The midterm elections on Nov. 5, 1974, proved the editorial was on the mark. The Associated Press said voters gave Democrats a tighter grip on Congress and many national governorships after the elections.

My, how times have changed! However, let’s get back to the 1974 state constitution.

Republican Gov. Jeff Landry doesn’t like the constitution and wants to write a new one. The supermajority GOP  Legislature has already indicated it’s ready to give Landry almost anything he wants. He has had some losses but not enough to make him think his luck has changed.

Jeremy Alford and David Jacobs in their LaPolitics Weekly said chatter about Landry’s anticipated constitutional convention planned for the summer “is already sucking oxygen out of the Capitol’s hallways, even with a regular session in full swing.”

Delegates were elected for the 1973 constitutional convention, but Landry wants legislators to be delegates, along with 27 of his personal appointments. In addition to those whom he appoints, Landry would have 101 Republican delegates in his corner.

Rep. Larry Bagwell, R-Stonewall, and an educator, wanted to be a delegate in 1973 but lost the election. He told LaPolitics Weekly he isn’t sure Louisiana needs another convention and “worries about losing protections for state K-12 education funding.”

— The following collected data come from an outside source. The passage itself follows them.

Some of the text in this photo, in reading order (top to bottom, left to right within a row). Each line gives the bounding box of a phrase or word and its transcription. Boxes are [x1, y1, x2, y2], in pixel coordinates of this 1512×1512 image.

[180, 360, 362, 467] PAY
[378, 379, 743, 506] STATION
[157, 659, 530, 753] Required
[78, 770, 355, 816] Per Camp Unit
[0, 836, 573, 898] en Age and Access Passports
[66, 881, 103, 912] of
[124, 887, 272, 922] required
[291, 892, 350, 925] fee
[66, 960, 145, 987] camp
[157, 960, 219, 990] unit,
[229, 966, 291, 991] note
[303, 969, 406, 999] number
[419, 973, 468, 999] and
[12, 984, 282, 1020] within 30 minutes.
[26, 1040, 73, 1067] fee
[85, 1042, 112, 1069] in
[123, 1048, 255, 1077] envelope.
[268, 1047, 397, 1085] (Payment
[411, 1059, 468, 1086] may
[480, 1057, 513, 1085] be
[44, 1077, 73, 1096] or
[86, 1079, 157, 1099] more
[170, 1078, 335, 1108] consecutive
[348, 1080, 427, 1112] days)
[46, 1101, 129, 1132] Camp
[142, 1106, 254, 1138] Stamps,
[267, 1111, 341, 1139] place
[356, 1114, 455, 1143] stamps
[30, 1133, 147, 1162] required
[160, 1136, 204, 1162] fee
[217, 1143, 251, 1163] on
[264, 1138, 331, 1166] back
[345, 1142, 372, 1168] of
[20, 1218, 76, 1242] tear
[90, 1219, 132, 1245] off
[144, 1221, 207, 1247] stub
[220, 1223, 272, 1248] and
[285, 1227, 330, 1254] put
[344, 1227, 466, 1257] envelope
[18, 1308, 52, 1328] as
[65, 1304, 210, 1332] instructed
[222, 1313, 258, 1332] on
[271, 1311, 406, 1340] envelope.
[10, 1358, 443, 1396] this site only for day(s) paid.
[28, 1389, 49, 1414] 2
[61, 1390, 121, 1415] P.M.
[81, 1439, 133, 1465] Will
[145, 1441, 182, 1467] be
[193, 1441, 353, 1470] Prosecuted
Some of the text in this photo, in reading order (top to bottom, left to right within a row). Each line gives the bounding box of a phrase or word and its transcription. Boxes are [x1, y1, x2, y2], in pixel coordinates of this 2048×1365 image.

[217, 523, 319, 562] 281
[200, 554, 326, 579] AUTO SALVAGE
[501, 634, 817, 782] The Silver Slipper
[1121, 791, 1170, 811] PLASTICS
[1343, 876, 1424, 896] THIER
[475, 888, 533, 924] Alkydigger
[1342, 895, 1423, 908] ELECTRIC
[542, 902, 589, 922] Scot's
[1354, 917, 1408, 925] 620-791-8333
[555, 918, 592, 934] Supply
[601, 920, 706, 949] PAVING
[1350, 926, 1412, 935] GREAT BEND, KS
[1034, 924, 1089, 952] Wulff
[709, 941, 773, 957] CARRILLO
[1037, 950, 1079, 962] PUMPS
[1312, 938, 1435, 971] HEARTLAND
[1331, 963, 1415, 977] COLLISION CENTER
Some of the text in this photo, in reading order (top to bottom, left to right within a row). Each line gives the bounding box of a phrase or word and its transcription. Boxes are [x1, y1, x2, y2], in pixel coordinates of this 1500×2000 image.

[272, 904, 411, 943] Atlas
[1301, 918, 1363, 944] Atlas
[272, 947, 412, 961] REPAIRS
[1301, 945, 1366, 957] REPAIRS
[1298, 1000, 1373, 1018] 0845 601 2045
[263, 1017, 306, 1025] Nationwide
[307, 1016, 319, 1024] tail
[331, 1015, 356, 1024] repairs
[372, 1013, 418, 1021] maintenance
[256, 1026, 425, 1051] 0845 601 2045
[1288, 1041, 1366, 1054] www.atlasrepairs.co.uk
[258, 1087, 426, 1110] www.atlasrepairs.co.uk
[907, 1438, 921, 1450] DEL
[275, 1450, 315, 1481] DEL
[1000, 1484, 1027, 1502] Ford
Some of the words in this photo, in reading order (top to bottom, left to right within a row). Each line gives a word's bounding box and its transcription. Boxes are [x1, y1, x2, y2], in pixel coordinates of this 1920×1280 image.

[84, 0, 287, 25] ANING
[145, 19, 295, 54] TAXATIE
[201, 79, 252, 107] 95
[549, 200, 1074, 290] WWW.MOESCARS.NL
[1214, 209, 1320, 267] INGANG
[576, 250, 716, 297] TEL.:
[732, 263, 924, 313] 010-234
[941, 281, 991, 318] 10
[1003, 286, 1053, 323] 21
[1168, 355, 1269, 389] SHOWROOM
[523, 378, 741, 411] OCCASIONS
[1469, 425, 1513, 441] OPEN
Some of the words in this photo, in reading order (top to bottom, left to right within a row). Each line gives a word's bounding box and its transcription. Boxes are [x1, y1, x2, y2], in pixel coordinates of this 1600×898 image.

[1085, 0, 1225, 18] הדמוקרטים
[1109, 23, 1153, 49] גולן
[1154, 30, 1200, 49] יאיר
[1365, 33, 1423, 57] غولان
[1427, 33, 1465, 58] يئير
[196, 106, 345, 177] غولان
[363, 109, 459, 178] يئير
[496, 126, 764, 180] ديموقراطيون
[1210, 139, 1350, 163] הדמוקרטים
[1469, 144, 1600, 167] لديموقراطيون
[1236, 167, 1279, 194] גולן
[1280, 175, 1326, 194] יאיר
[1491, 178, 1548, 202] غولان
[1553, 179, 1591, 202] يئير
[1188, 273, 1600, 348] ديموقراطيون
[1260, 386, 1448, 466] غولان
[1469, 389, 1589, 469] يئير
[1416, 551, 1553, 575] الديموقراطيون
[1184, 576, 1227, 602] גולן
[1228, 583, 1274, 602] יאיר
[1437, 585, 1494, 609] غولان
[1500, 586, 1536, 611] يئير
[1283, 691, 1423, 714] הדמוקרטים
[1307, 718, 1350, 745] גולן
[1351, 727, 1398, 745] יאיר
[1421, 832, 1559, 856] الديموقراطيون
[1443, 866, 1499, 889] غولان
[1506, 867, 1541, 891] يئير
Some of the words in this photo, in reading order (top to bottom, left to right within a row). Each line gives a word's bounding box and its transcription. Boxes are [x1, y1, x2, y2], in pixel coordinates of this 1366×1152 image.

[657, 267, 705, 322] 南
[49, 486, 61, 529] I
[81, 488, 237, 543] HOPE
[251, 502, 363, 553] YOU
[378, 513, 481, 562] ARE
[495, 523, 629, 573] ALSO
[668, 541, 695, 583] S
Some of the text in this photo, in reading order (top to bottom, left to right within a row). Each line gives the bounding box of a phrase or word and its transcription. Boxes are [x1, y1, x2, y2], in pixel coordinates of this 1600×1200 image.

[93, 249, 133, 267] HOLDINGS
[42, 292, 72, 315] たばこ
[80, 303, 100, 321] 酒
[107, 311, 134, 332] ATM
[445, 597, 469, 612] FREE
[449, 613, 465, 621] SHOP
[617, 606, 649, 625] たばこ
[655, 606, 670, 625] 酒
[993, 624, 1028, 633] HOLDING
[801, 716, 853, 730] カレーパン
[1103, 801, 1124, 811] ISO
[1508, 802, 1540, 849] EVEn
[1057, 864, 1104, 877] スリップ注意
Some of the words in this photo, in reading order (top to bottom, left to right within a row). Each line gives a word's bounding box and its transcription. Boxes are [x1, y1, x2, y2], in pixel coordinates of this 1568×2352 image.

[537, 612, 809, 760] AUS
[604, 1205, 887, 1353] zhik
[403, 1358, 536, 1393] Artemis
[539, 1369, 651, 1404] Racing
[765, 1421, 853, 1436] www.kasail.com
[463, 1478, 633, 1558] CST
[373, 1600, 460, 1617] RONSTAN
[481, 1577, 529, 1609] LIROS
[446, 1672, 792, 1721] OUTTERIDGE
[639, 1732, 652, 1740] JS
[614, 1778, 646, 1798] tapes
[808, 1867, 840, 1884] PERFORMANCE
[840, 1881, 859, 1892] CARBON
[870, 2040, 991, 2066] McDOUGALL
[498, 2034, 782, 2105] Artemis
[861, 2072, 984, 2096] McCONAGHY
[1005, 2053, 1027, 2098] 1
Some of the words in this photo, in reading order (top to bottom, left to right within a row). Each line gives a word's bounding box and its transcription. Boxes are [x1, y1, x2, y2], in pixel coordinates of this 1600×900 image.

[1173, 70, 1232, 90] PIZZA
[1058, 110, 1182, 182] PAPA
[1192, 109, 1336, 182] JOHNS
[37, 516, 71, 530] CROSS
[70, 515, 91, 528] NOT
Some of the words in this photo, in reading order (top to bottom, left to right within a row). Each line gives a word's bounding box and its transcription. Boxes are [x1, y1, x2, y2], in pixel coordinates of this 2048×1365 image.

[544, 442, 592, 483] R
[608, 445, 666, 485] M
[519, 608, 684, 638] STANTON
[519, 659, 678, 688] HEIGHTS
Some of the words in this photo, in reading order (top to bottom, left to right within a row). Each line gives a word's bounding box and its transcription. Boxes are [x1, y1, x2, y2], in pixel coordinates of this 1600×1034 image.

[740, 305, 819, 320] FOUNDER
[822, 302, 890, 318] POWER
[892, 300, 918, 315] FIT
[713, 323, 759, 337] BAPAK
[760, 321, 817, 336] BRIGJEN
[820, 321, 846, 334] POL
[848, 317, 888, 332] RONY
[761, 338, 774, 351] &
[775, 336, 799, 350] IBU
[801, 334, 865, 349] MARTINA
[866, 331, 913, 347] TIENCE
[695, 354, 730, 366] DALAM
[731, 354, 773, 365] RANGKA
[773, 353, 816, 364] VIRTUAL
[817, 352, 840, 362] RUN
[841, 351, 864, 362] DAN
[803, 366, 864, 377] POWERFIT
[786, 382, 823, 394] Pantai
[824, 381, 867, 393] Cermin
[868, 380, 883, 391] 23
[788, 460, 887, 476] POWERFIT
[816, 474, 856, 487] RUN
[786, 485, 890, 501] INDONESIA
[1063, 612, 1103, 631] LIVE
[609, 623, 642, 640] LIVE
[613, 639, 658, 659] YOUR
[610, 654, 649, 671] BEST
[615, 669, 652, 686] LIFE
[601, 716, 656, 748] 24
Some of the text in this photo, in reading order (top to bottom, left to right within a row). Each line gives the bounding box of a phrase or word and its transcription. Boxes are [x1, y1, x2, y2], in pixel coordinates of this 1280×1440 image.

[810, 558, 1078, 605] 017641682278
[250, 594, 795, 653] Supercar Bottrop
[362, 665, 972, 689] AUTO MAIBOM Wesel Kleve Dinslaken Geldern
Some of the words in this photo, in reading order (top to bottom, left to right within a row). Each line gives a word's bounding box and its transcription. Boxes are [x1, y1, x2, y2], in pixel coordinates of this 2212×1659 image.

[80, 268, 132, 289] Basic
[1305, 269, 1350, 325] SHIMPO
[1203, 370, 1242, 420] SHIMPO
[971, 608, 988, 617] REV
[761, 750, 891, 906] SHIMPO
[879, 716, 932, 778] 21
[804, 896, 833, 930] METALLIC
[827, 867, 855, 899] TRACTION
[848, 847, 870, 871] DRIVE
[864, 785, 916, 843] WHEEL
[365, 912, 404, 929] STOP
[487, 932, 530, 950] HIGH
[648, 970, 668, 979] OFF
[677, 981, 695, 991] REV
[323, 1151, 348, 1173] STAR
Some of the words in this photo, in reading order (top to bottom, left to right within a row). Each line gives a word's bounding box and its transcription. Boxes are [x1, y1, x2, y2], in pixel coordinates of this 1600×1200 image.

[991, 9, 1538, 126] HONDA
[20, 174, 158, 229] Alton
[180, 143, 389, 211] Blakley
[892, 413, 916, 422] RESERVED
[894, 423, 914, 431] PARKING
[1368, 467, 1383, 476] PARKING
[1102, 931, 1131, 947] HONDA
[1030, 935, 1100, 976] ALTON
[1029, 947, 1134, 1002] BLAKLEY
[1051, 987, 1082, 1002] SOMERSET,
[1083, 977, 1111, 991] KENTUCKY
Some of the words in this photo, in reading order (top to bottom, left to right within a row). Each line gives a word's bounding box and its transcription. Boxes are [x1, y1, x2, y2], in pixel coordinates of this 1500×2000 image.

It’s funny Bagley would mention that since Lane Grigsby, who headed one of Landry’s transition teams, said being able to reduce K-12 funding is one of his goals for the convention. Many conservatives prefer school choice over public education.

The centerpiece of Landry’s education agenda is the creation of education scholarship accounts (ESAs) that would give families public money to help them pay for private schools and other education expenses outside the public school system.

After Arizona made all families eligible for ESAs in 2022, The Advocate said the cost of the program more than tripled to $587.5 million.

Appointments are OK for writing a new constitution, but most delegates to any constitutional convention should always be elected. Legislators could run for a seat if they are interested.

Alford and Jacobs said those who are affected by a new constitution are nervous. “Who can blame them?” they asked. “When it comes to policy making, nothing is more important than the fundamental law found in a constitution.”

The AP in 1974 said opponents of that proposed constitution, including several large newspapers, maintained that the document’s brevity —  which they applauded — wasn’t enough to override what they viewed as its fatal flaws.

The main controversy was over the taxation article of the proposed constitution. It set a 10% assessment level for homes and a 15% level for  business property.

“Coupled with a $3,000 homestead exemption, this means no tax would be collected on any home in the state valued at $30,000 or less,” the news agency said. Opponents were concerned that change would shift the tax burden to industry and result in a slowdown in business growth.

The 1974 constitution was approved but only 37% of the state’s 1.7 million voters went to the polls. The final vote showed 358,588 favored the new document, and 262,030 were against, a winning margin of 96,558 votes.

Only 27 of the state’s 64 parishes voted for it. It lost in all six parishes in this corner of the state. Four of the six metropolitan areas also were opposed. The New Orleans and Lafayette metro areas voted for it.

Getting a new 2024 constitution approved that Landry could pretty much write himself would be a tough sell for voters who will have the final word.